CEO Huang and other execs remain silent on the issue of either/or in networking, perhaps waiting to see what the market decides. So far, the hyperscalers appear to favor both. NVIDIA says Microsoft Azure, Oracle Cloud Infrastructure, and CoreWeave are among early adopters of both NVIDIA switching alternatives.

What About the Enterprise?

NVIDIA has become the premier supplier to the world’s largest implementers of AI training, those companies such as Meta, AWS, Microsoft, Google, and Oracle that require enormous compute resources for training large language models (LLMs). But implementation of AI will happen at the enterprise level, where companies will feed their data into these models -- at the inferencing stage -- to create applications.

Enter NIMs, short for NVIDIA Inference Microservices, described as follows by a group of NVIDIA technologists in a recent blog:

“NIM is a set of optimized cloud-native microservices designed to shorten time-to-market and simplify deployment of generative AI models anywhere, across cloud, data center, and GPU-accelerated workstations.”

NIMs are packaged to run on NVIDIA infrastructure, incorporating the CUDA platform along with the NVIDIA Triton Inference Server and other elements required for inferencing at the enterprise level.

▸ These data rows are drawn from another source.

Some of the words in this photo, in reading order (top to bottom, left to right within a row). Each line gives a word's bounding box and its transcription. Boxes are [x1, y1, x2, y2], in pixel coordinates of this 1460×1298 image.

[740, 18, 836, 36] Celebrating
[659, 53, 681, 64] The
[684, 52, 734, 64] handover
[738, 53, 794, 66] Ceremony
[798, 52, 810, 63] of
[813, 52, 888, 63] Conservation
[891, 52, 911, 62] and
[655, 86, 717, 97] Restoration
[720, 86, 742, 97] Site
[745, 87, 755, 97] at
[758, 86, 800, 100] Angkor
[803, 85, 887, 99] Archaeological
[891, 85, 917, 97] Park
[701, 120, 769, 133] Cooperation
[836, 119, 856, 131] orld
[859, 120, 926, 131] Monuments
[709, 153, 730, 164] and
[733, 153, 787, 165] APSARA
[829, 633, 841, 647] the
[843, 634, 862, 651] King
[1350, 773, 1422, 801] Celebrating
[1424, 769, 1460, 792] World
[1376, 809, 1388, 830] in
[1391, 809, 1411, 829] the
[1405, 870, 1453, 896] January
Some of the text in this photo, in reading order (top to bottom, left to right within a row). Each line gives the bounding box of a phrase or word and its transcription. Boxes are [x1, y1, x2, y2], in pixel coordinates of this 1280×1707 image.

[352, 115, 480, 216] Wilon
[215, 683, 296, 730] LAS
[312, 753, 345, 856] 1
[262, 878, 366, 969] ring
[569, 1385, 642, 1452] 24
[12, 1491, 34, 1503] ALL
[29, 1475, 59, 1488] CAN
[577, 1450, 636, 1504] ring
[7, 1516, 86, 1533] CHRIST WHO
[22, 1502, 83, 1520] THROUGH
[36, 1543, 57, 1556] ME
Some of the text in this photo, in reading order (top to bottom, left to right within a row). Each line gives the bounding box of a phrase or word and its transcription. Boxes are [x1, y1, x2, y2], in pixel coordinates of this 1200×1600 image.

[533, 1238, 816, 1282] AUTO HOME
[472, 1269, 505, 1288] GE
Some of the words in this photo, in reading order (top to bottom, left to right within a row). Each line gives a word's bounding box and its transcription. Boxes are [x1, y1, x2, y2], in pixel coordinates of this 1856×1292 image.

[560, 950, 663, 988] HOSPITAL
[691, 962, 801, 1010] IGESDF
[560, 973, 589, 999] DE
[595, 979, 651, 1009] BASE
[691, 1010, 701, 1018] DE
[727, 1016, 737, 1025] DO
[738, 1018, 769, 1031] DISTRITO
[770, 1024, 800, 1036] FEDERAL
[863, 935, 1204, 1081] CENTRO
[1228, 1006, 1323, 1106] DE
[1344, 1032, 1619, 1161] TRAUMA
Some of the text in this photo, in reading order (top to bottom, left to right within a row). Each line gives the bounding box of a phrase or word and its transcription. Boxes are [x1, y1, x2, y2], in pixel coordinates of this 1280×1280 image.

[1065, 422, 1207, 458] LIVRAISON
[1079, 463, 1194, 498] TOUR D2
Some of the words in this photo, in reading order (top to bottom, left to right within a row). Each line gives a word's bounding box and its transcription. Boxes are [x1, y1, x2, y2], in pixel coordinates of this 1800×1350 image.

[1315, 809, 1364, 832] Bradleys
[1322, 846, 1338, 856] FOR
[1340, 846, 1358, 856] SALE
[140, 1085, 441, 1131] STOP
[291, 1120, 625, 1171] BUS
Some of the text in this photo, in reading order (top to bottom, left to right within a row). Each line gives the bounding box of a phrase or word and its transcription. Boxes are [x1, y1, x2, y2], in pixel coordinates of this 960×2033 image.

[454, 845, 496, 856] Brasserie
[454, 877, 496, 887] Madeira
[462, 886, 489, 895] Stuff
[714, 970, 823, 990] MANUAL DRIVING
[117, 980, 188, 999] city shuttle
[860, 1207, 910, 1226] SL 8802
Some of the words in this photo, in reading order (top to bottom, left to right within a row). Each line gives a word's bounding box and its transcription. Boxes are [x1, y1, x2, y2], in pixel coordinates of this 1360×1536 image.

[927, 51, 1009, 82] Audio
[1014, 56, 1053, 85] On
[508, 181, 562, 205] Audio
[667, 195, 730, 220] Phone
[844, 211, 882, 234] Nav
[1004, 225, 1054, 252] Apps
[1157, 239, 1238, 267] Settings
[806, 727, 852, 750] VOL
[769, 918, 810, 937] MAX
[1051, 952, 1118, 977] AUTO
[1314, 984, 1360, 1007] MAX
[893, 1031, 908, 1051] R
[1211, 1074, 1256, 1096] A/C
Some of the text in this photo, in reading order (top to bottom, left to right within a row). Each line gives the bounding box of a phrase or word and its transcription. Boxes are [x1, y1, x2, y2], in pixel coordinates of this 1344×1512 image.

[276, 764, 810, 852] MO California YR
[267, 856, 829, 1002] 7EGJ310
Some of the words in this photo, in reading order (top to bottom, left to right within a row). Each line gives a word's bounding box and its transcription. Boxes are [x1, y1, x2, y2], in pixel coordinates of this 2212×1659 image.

NVIDIA has worked with SAP, Adobe, ServiceNow, Cadence, and Crowdstrike to create NIMs that will act as application platforms. Cohesity and Dropbox NIMs are reportedly in the works. Multiple NIMs can be deployed for each application.

Reliance on CUDA is significant here. Also, it’s important to note that customers will need to use the application programming interfaces (APIs) associated with each NIM to build applications based on specific models. In the fine print, NIMs provide a range of advantages to enterprise customers, but their use depends on NVIDIA technologies.

It’s Still All About NVIDIA

This week’s announcements underscore NVIDIA’s position as keeper of the AI keys.

“We see and we believe that the NVIDIA GPU is the best place to run inference on these models,” said Manuvir Das, VP of Enterprise Computing at NVIDIA, in the analyst briefing mentioned earlier. “We believe that NVIDIA NIM is the best software package and the best runtime for developers to build on top of so they can focus on enterprise applications and just let NVIDIA do the work…”

Futuriom Take: NVIDIA’s GPUs and associated technologies retain a tight grip on the market. While supplying enterprises in a range of vertical markets with the tools needed to create AI apps, it’s clear that much of the work will require NVIDIA technologies, which will remain ascendant for the near term.